--- YOUR OBJECTIVE ---
Every entry that follows should be reproduced exactly.

*** Opening DATA RECORDS ***

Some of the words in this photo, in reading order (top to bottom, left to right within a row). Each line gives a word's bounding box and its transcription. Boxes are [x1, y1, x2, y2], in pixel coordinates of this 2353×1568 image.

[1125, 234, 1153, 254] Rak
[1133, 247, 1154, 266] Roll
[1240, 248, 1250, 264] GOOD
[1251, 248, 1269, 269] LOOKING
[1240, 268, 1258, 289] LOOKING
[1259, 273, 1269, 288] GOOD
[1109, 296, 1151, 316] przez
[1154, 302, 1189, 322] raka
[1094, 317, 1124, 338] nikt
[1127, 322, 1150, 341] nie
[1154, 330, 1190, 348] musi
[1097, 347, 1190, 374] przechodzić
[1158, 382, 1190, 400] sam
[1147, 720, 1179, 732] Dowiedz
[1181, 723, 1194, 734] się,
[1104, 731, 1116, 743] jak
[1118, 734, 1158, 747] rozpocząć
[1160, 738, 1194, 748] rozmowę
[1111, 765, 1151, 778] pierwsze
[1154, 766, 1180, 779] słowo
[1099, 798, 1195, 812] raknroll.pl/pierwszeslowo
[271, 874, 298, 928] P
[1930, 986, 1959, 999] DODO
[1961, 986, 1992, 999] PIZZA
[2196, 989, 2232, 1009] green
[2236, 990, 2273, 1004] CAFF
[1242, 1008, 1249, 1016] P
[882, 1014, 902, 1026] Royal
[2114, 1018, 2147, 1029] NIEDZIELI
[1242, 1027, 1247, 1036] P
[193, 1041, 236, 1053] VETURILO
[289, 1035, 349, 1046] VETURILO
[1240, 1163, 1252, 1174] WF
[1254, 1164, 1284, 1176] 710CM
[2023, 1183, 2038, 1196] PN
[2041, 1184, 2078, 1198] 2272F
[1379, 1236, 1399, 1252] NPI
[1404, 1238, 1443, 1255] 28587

*** Closing DATA RECORDS ***

--- ANSWER AREA ---
Some of the words in this photo, in reading order (top to bottom, left to right within a row). Each line gives a word's bounding box and its transcription. Boxes are [x1, y1, x2, y2], in pixel coordinates of this 2353×1568 image.

[1125, 234, 1153, 254] Rak
[1133, 247, 1154, 266] Roll
[1240, 248, 1250, 264] GOOD
[1251, 248, 1269, 269] LOOKING
[1240, 268, 1258, 289] LOOKING
[1259, 273, 1269, 288] GOOD
[1109, 296, 1151, 316] przez
[1154, 302, 1189, 322] raka
[1094, 317, 1124, 338] nikt
[1127, 322, 1150, 341] nie
[1154, 330, 1190, 348] musi
[1097, 347, 1190, 374] przechodzić
[1158, 382, 1190, 400] sam
[1147, 720, 1179, 732] Dowiedz
[1181, 723, 1194, 734] się,
[1104, 731, 1116, 743] jak
[1118, 734, 1158, 747] rozpocząć
[1160, 738, 1194, 748] rozmowę
[1111, 765, 1151, 778] pierwsze
[1154, 766, 1180, 779] słowo
[1099, 798, 1195, 812] raknroll.pl/pierwszeslowo
[271, 874, 298, 928] P
[1930, 986, 1959, 999] DODO
[1961, 986, 1992, 999] PIZZA
[2196, 989, 2232, 1009] green
[2236, 990, 2273, 1004] CAFF
[1242, 1008, 1249, 1016] P
[882, 1014, 902, 1026] Royal
[2114, 1018, 2147, 1029] NIEDZIELI
[1242, 1027, 1247, 1036] P
[193, 1041, 236, 1053] VETURILO
[289, 1035, 349, 1046] VETURILO
[1240, 1163, 1252, 1174] WF
[1254, 1164, 1284, 1176] 710CM
[2023, 1183, 2038, 1196] PN
[2041, 1184, 2078, 1198] 2272F
[1379, 1236, 1399, 1252] NPI
[1404, 1238, 1443, 1255] 28587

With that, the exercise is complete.